REQUIREMENT:
With the exception of the pictures, transcribe the entire listing exactly.

RAW DATA:
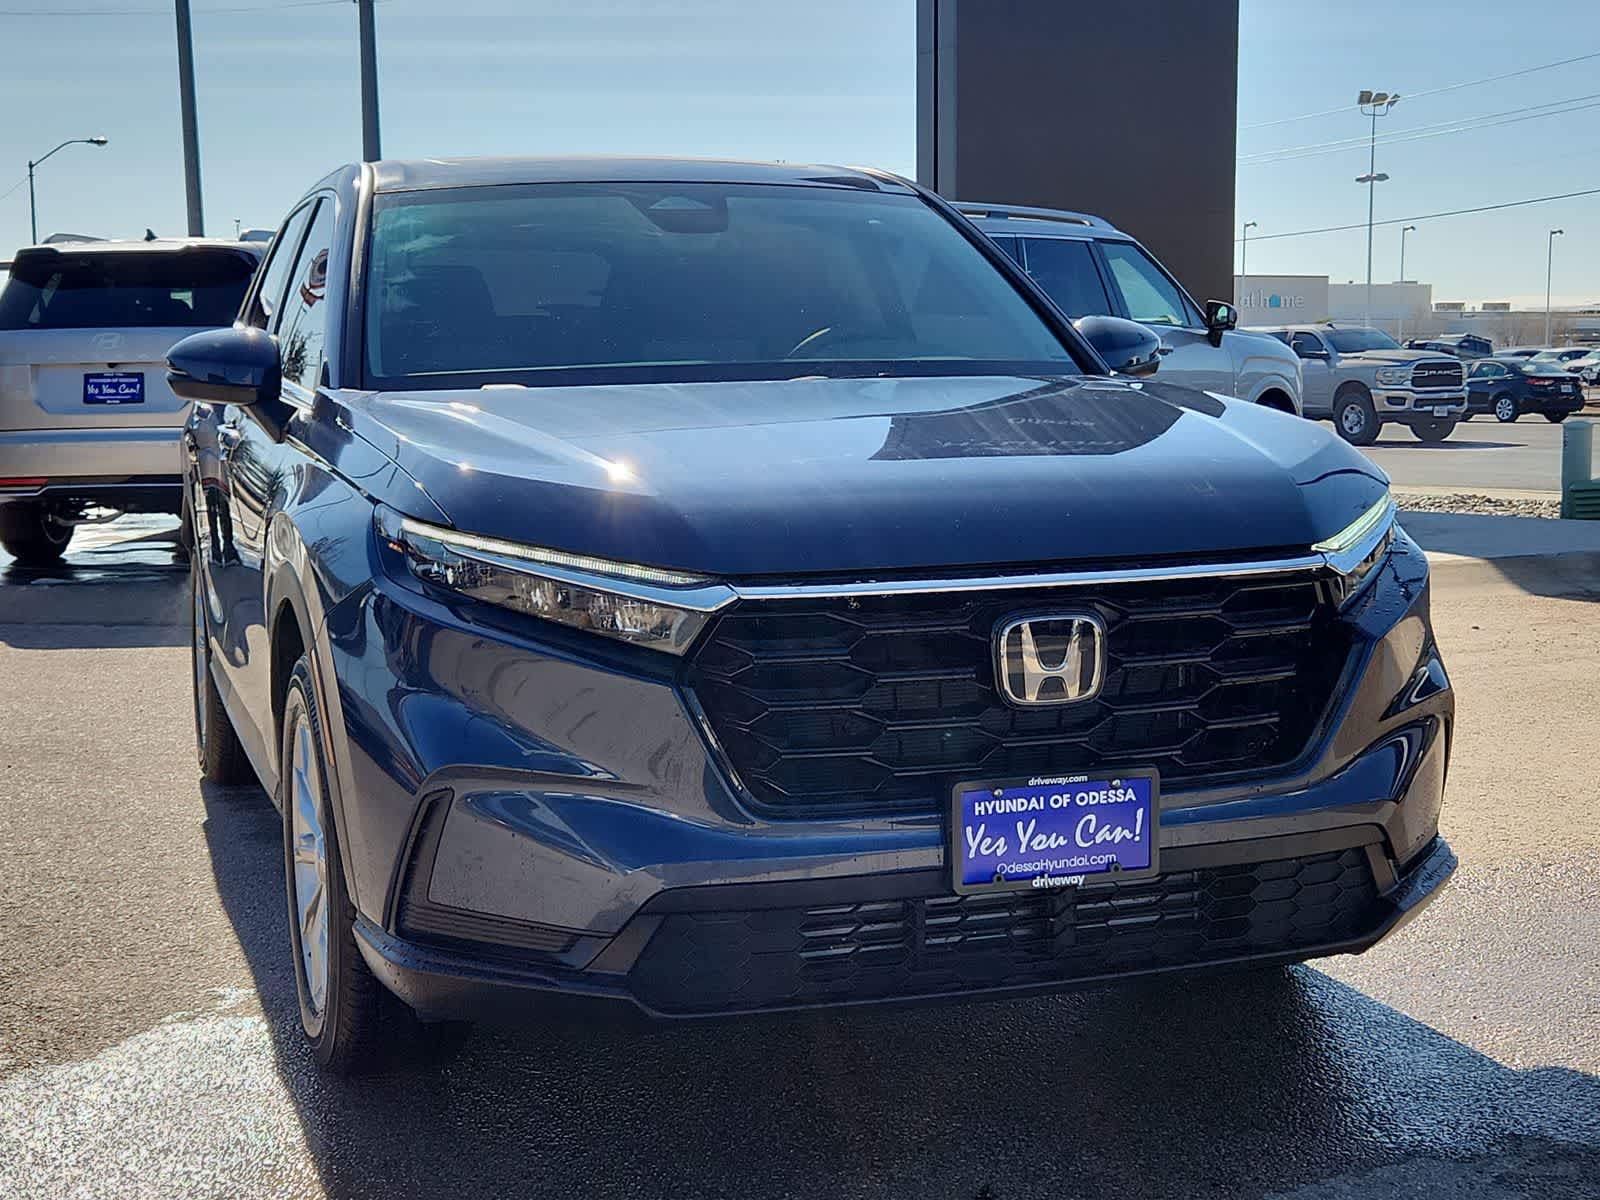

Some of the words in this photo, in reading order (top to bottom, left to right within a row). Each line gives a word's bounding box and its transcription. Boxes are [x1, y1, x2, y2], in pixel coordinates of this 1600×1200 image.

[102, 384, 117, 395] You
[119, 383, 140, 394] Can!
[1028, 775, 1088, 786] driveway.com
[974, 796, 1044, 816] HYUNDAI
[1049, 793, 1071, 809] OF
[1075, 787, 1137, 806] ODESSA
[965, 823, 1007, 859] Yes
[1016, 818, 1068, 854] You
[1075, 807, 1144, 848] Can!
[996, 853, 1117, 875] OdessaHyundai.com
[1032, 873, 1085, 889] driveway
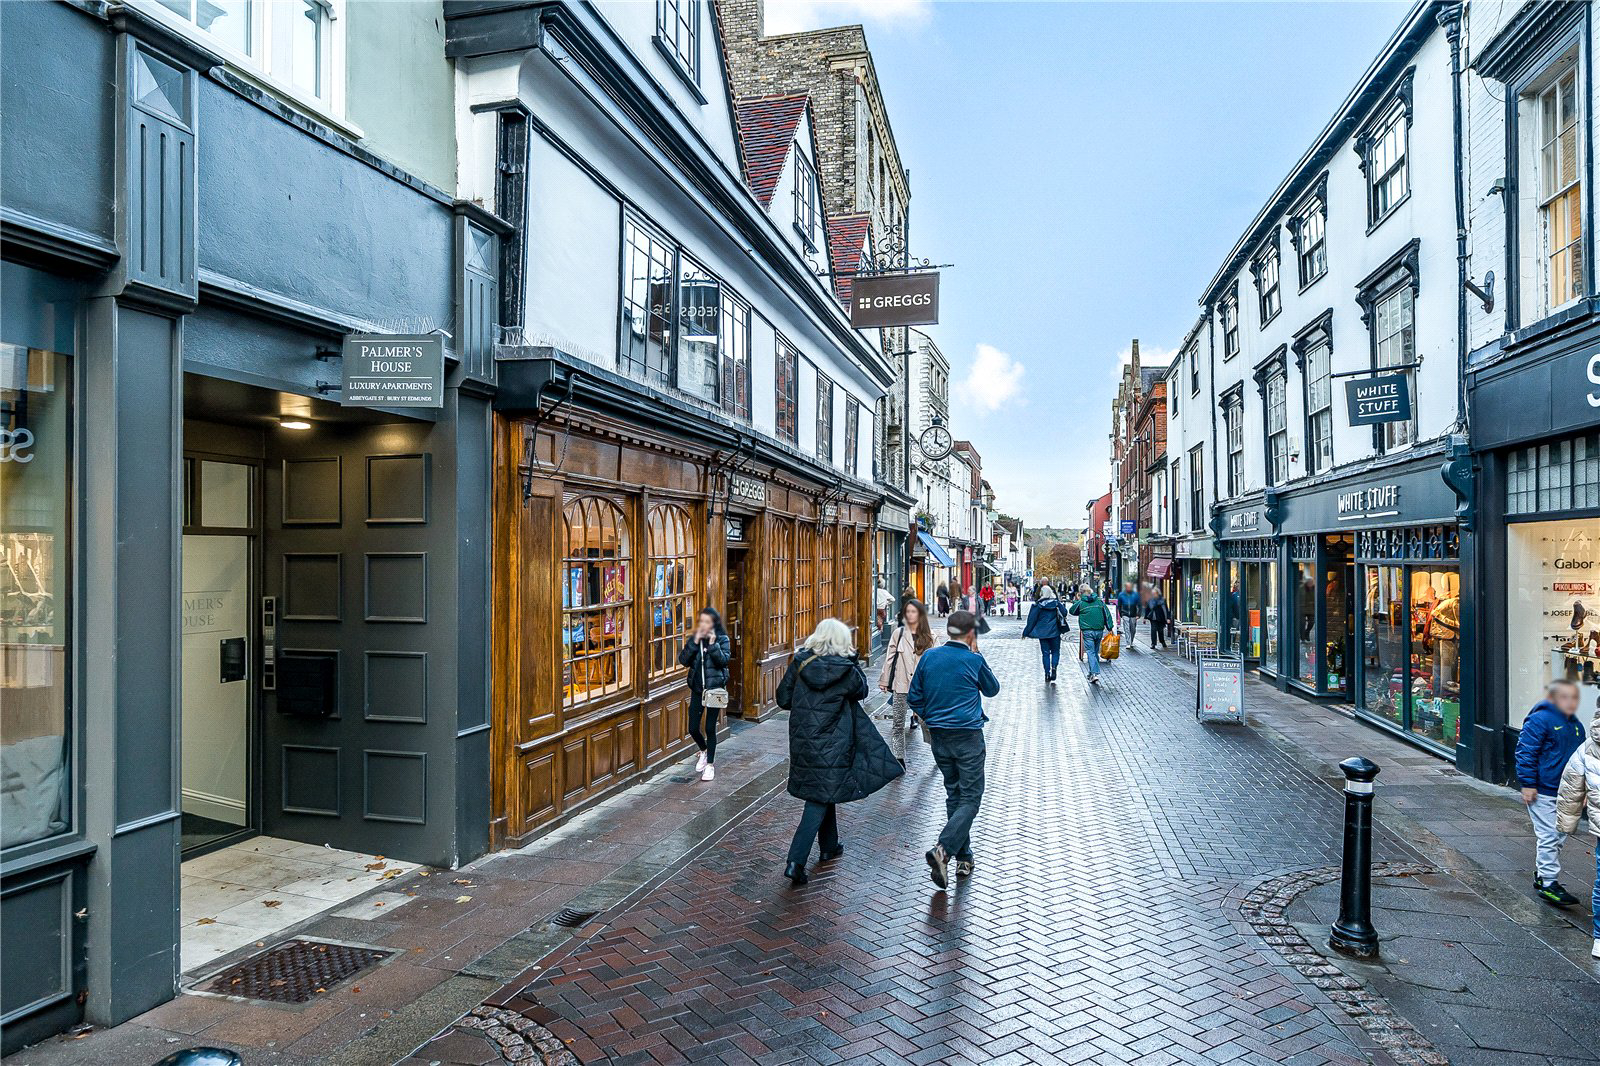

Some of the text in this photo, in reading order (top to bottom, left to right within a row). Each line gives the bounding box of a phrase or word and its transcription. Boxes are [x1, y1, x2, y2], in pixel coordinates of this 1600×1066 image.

ANSWER BOX:
Some of the words in this photo, in reading order (top to bottom, left to right within a row). Each line gives a word's bounding box and its transcription. Boxes are [x1, y1, x2, y2], in pixel coordinates of this 1600×1200 image.

[102, 384, 117, 395] You
[119, 383, 140, 394] Can!
[1028, 775, 1088, 786] driveway.com
[974, 796, 1044, 816] HYUNDAI
[1049, 793, 1071, 809] OF
[1075, 787, 1137, 806] ODESSA
[965, 823, 1007, 859] Yes
[1016, 818, 1068, 854] You
[1075, 807, 1144, 848] Can!
[996, 853, 1117, 875] OdessaHyundai.com
[1032, 873, 1085, 889] driveway

Some of the text in this photo, in reading order (top to bottom, left to right within a row). Each line gives the bounding box of a phrase or word and its transcription. Boxes are [x1, y1, x2, y2], in pixel coordinates of this 1600×1066 image.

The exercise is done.